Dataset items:
'''

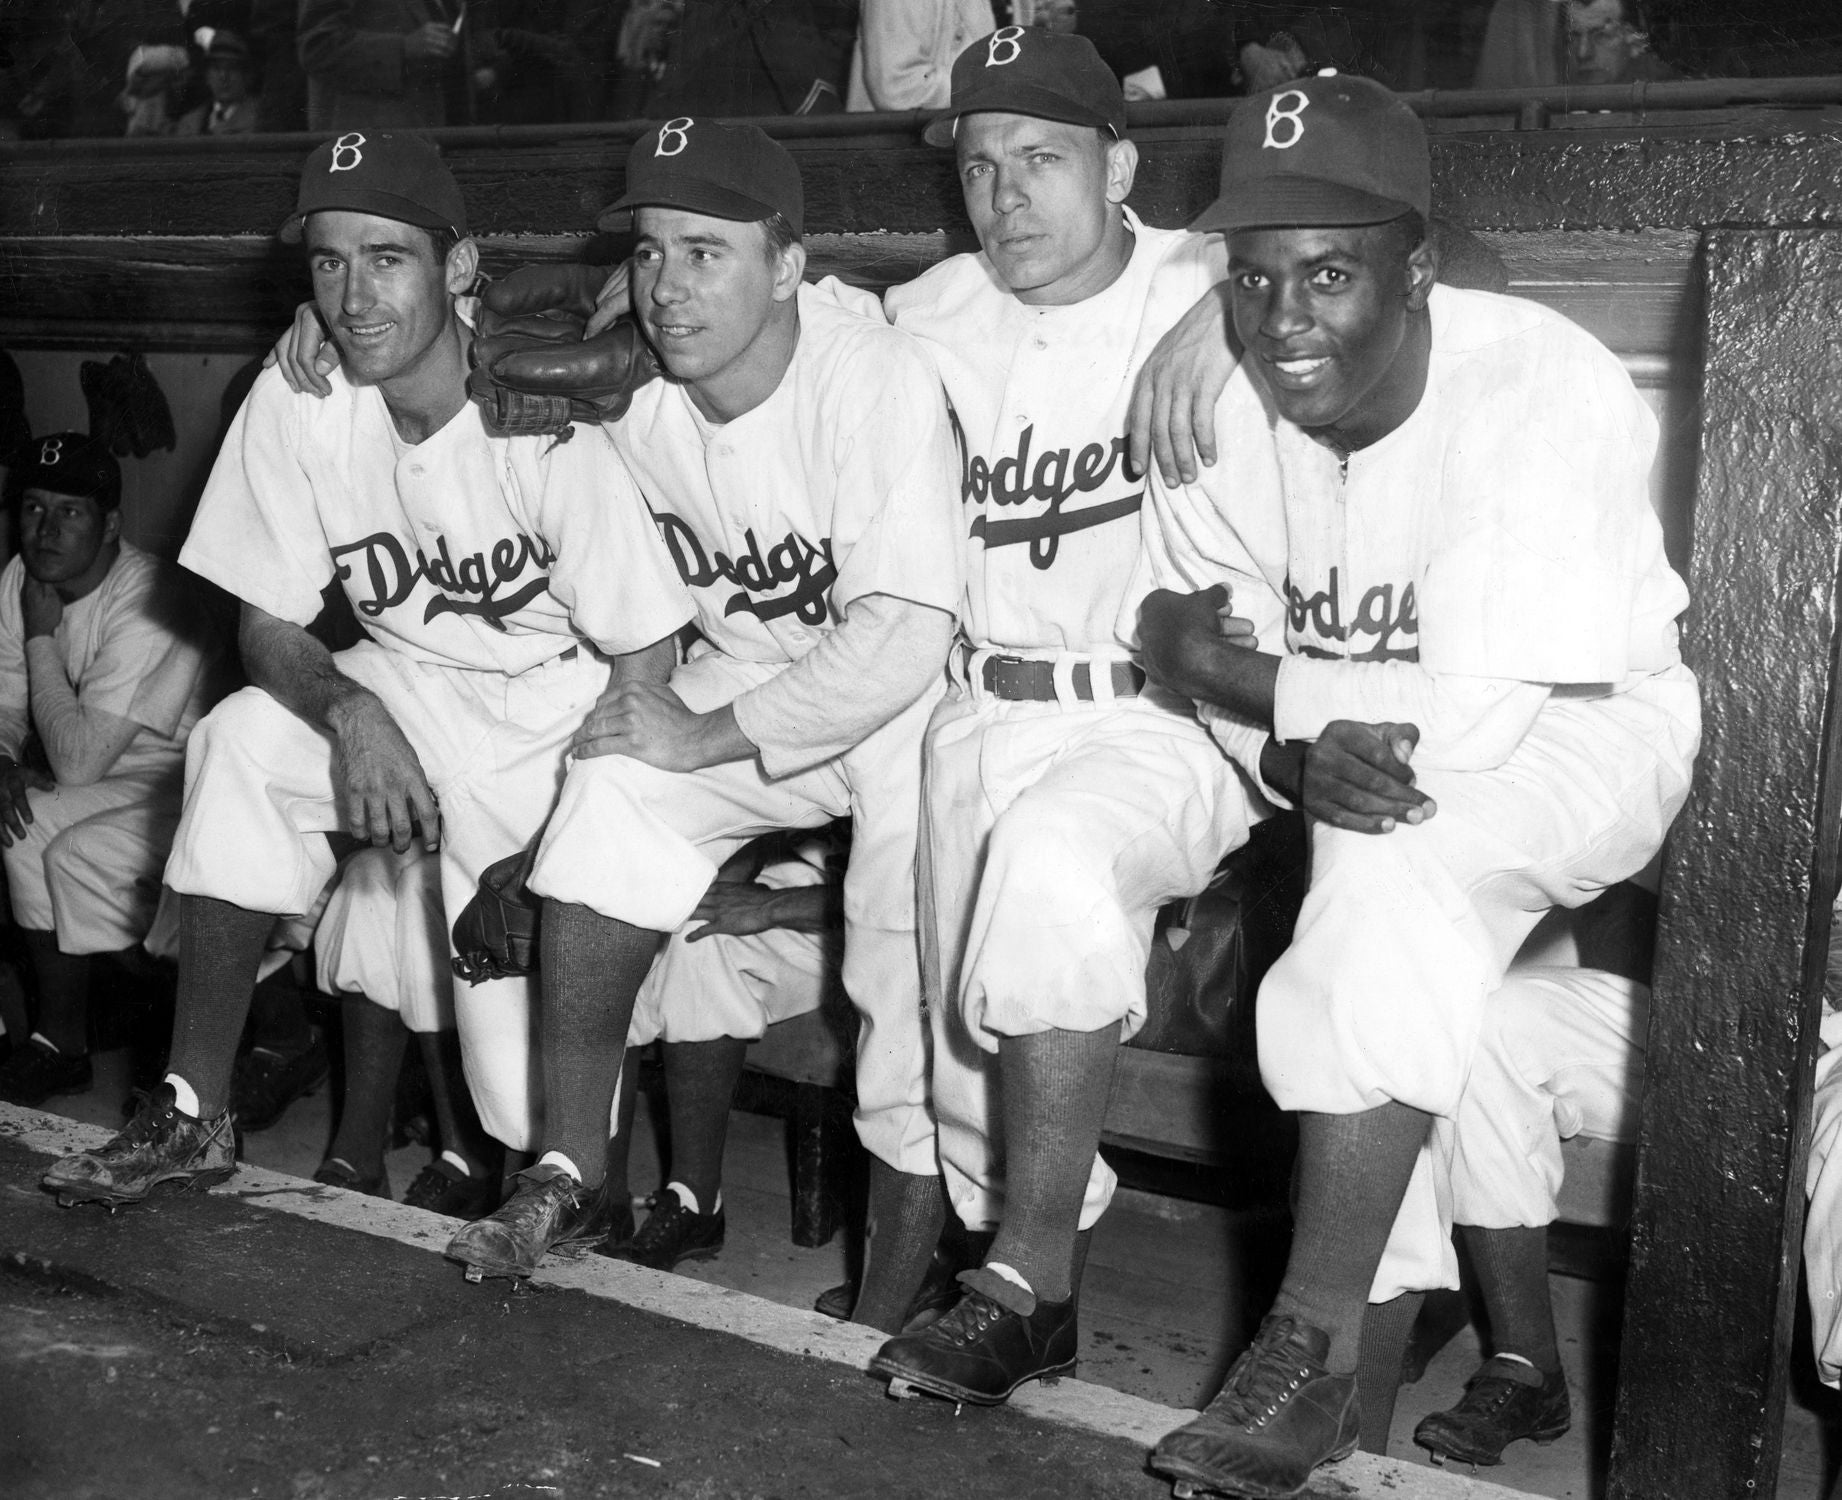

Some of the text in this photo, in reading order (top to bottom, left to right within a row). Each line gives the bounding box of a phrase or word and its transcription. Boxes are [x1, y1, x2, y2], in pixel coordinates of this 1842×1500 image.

[985, 25, 1025, 68] B
[654, 116, 695, 158] B
[1262, 90, 1310, 149] B
[329, 132, 366, 173] B
[40, 439, 63, 465] B
[948, 409, 1147, 571] odger
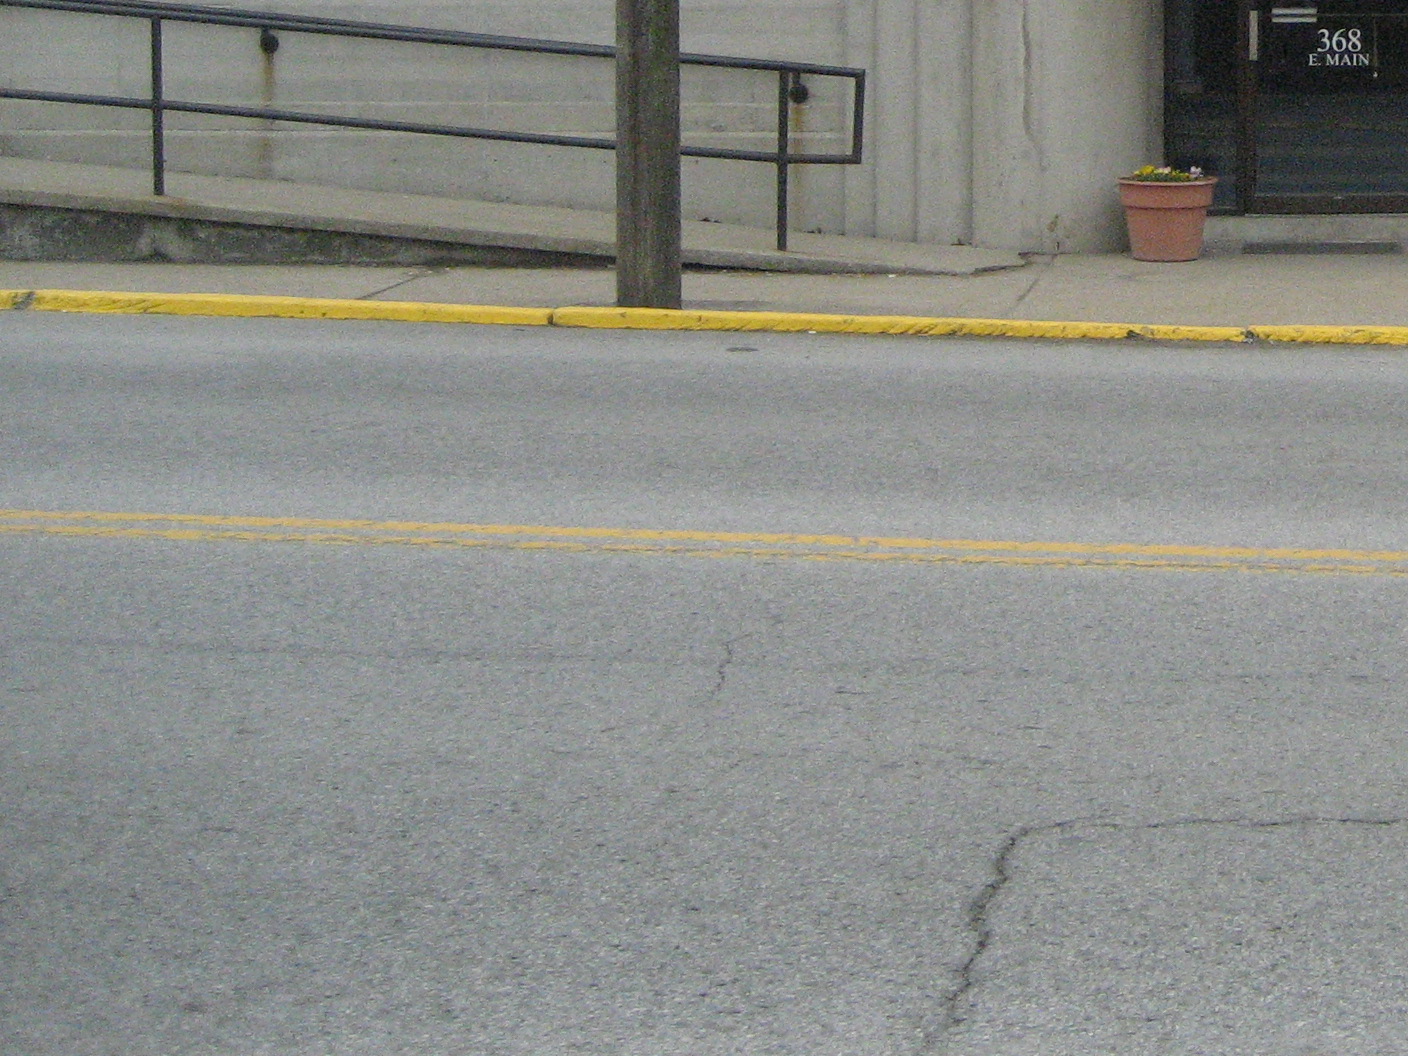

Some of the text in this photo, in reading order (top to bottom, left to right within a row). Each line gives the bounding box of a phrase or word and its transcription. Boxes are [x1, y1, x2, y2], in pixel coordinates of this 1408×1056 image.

[1317, 28, 1362, 52] 368
[1308, 53, 1370, 66] E. MAIN
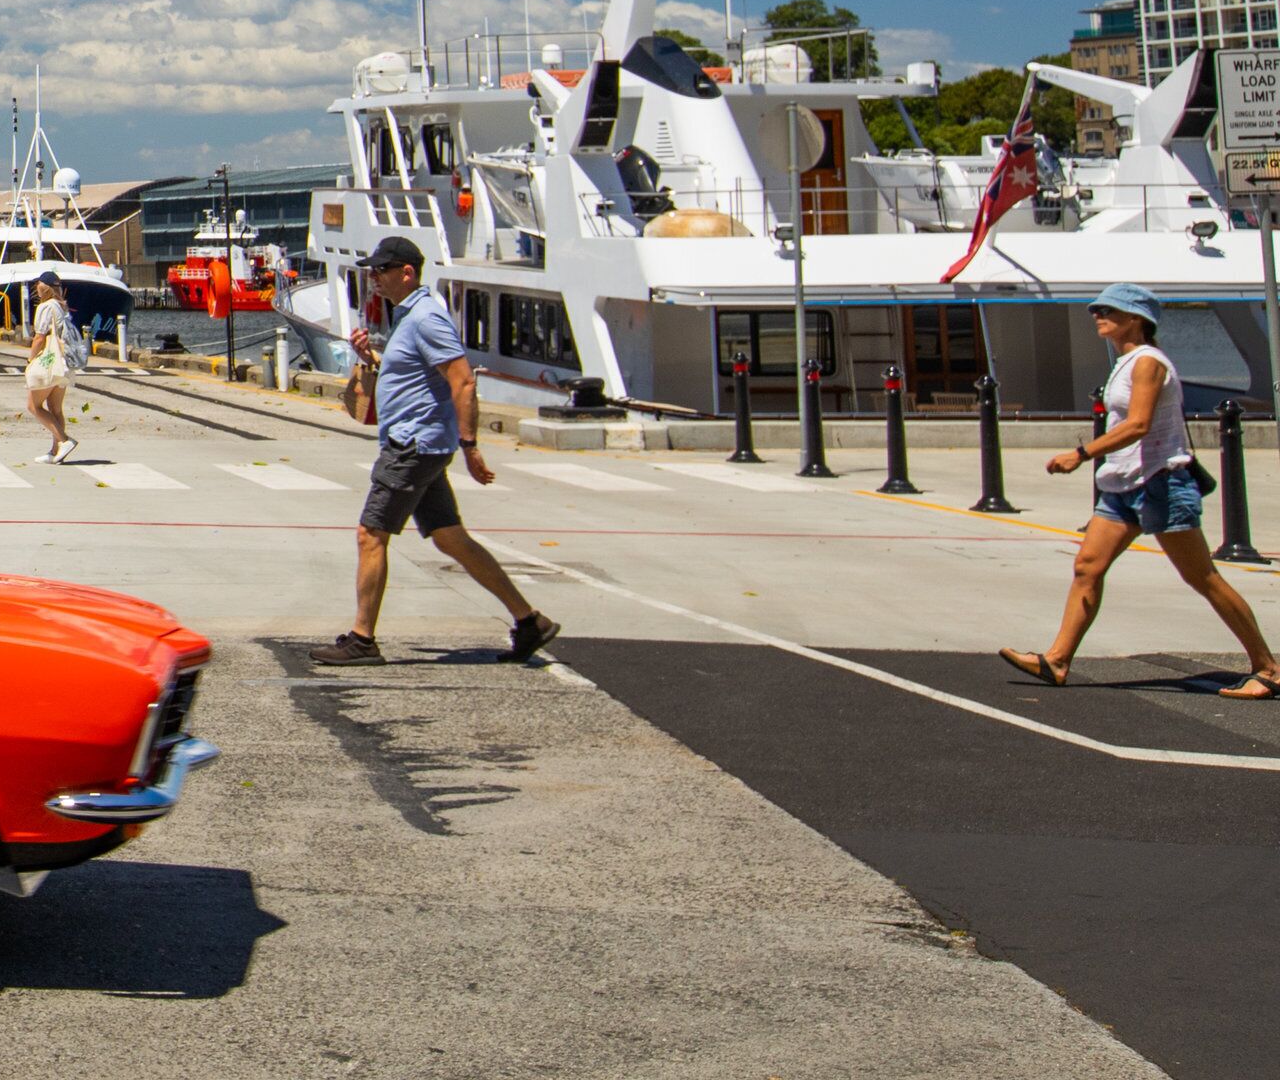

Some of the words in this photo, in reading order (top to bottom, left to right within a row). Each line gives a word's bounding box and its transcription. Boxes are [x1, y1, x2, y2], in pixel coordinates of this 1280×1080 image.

[1234, 60, 1280, 71] WHARF
[1241, 75, 1276, 87] LOAD
[1243, 91, 1276, 103] LIMIT
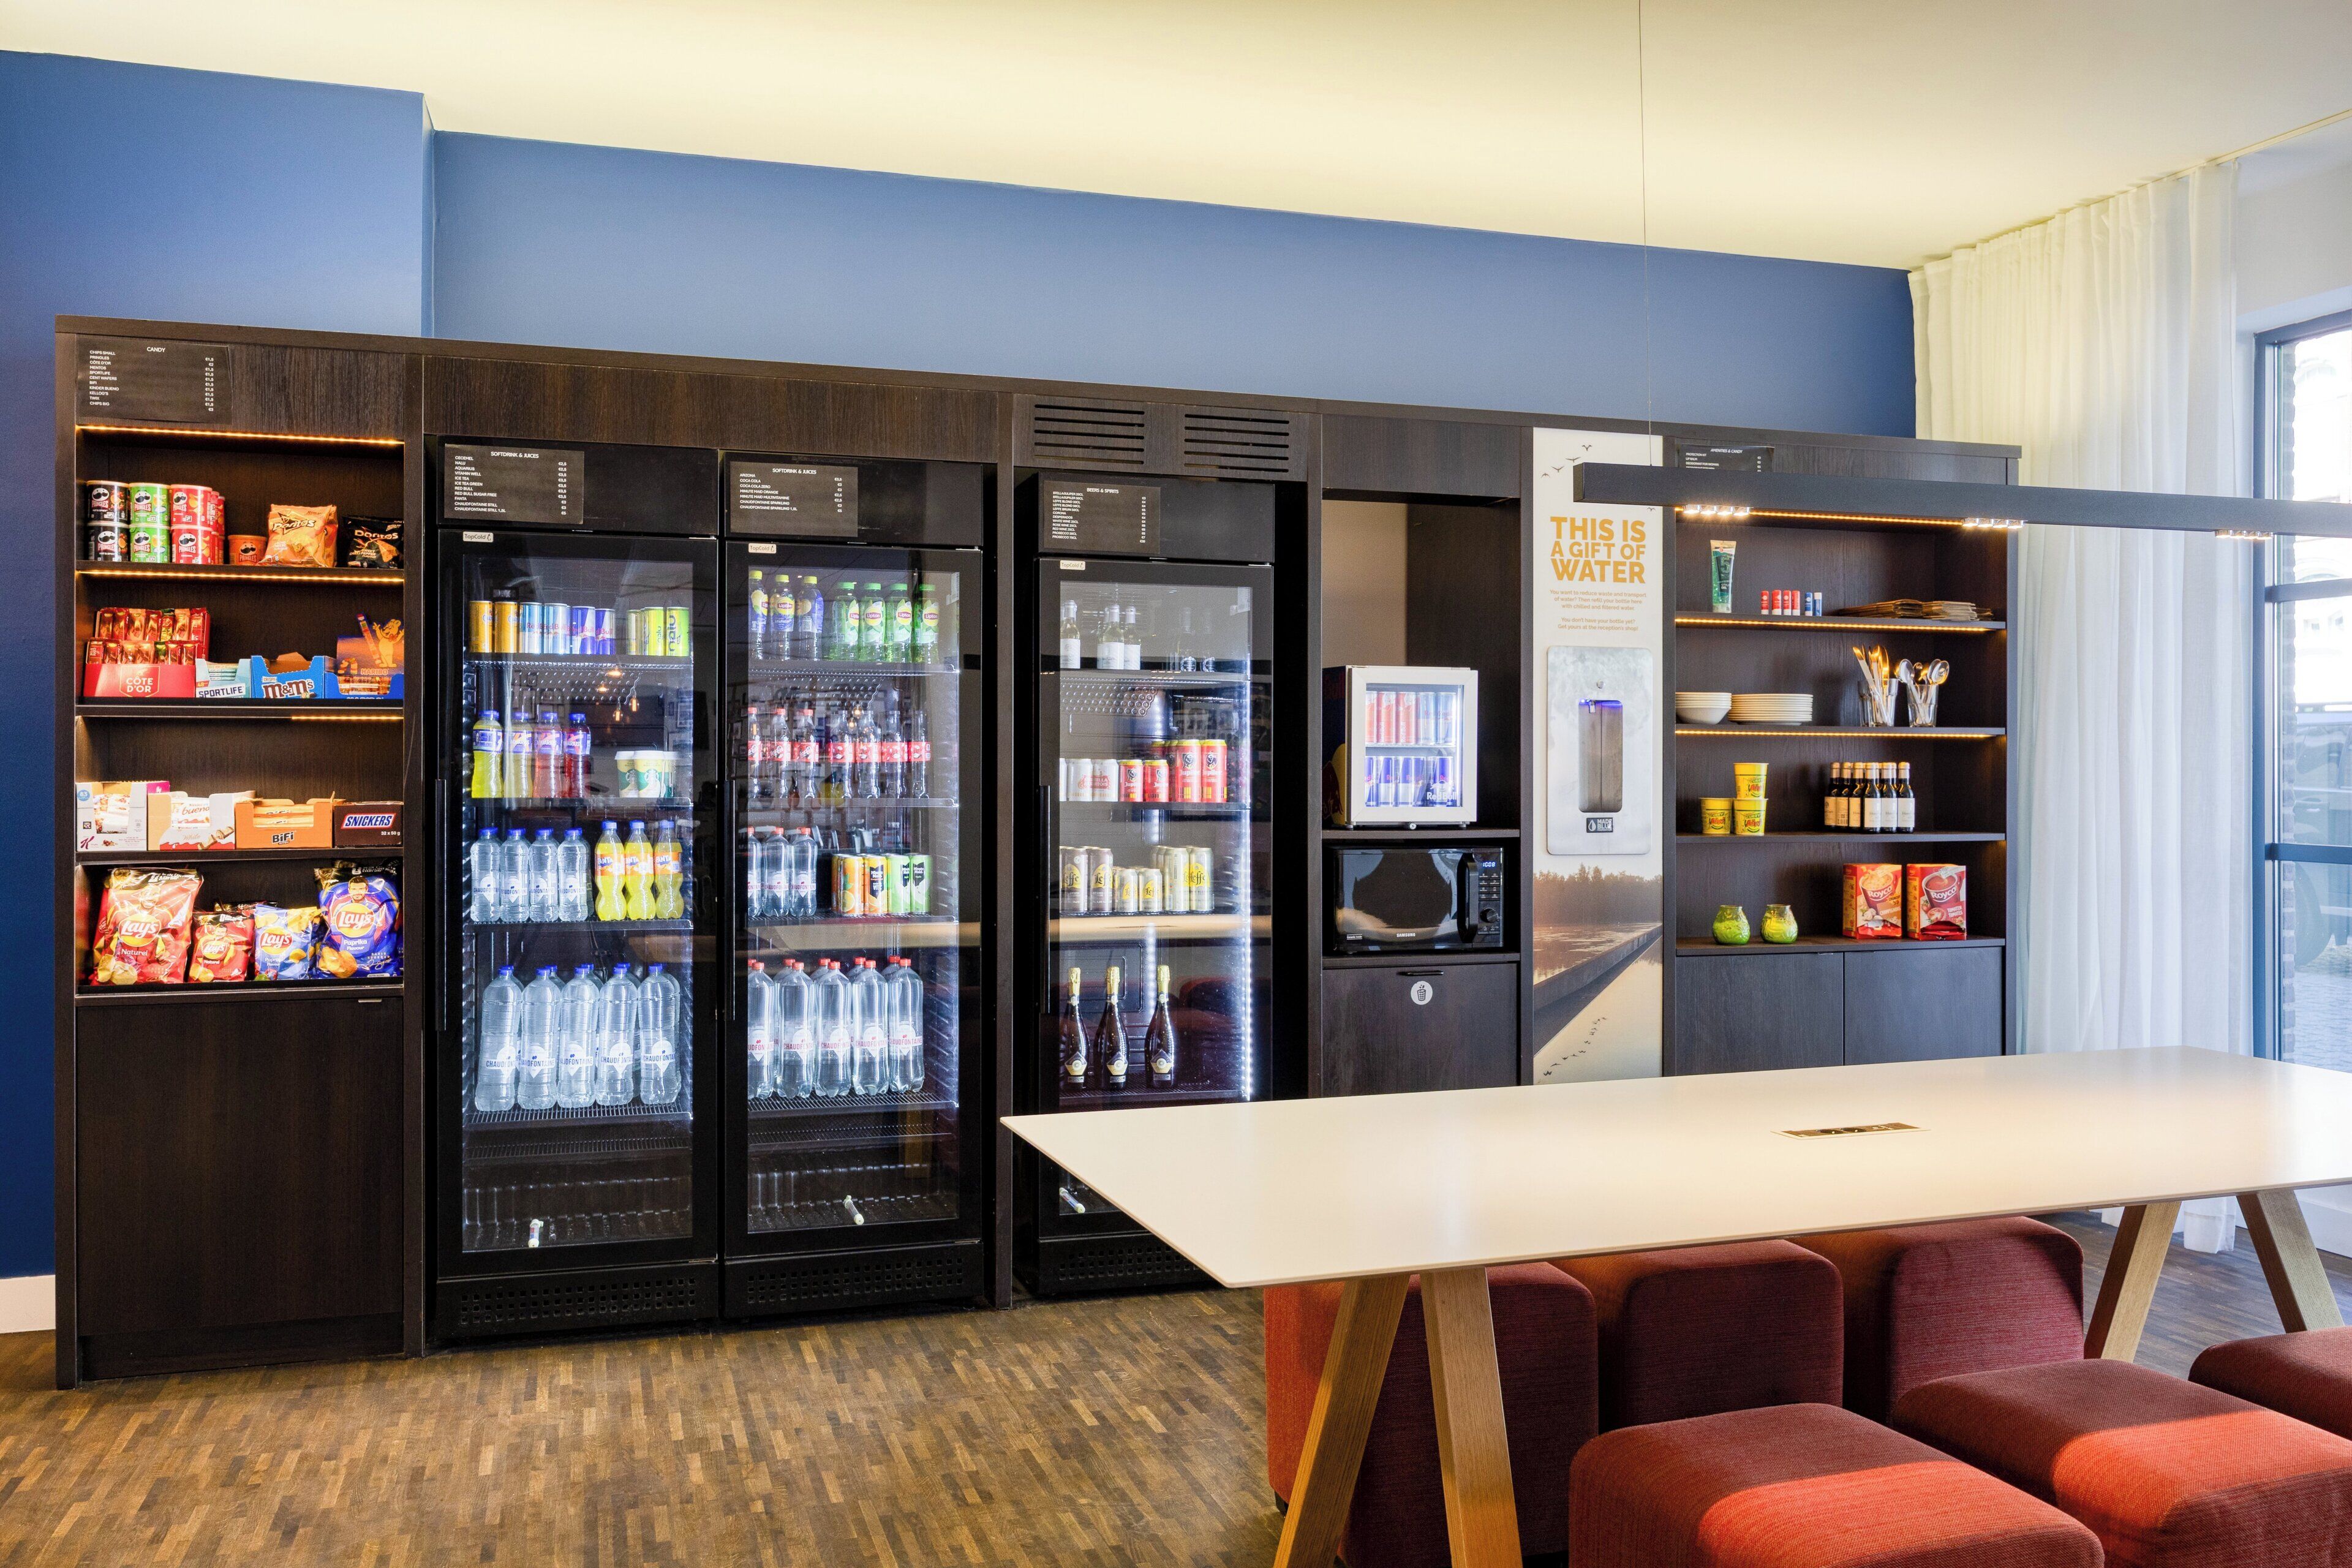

'''

» Assignment:
Restate the data above word for word, so that the only difference is the missing pictures.

» Worked solution:
Some of the text in this photo, in reading order (top to bottom, left to right within a row). Each line gives the bounding box of a phrase or word and its transcription. Boxes are [x1, y1, x2, y2], in pixel coordinates of this 1842×1500 image.

[985, 25, 1025, 68] B
[654, 116, 695, 158] B
[1262, 90, 1310, 149] B
[329, 132, 366, 173] B
[40, 439, 63, 465] B
[948, 409, 1147, 571] odger

Some of the text in this photo, in reading order (top to bottom, left to right within a row). Each line gives the bounding box of a phrase or word and its transcription. Boxes are [x1, y1, x2, y2], in pixel coordinates of this 1408×1056 image.

[1317, 28, 1362, 52] 368
[1308, 53, 1370, 66] E. MAIN

Some of the words in this photo, in reading order (top to bottom, left to right within a row). Each line gives a word's bounding box and its transcription. Boxes are [x1, y1, x2, y2], in pixel coordinates of this 1280×1080 image.

[1234, 60, 1280, 71] WHARF
[1241, 75, 1276, 87] LOAD
[1243, 91, 1276, 103] LIMIT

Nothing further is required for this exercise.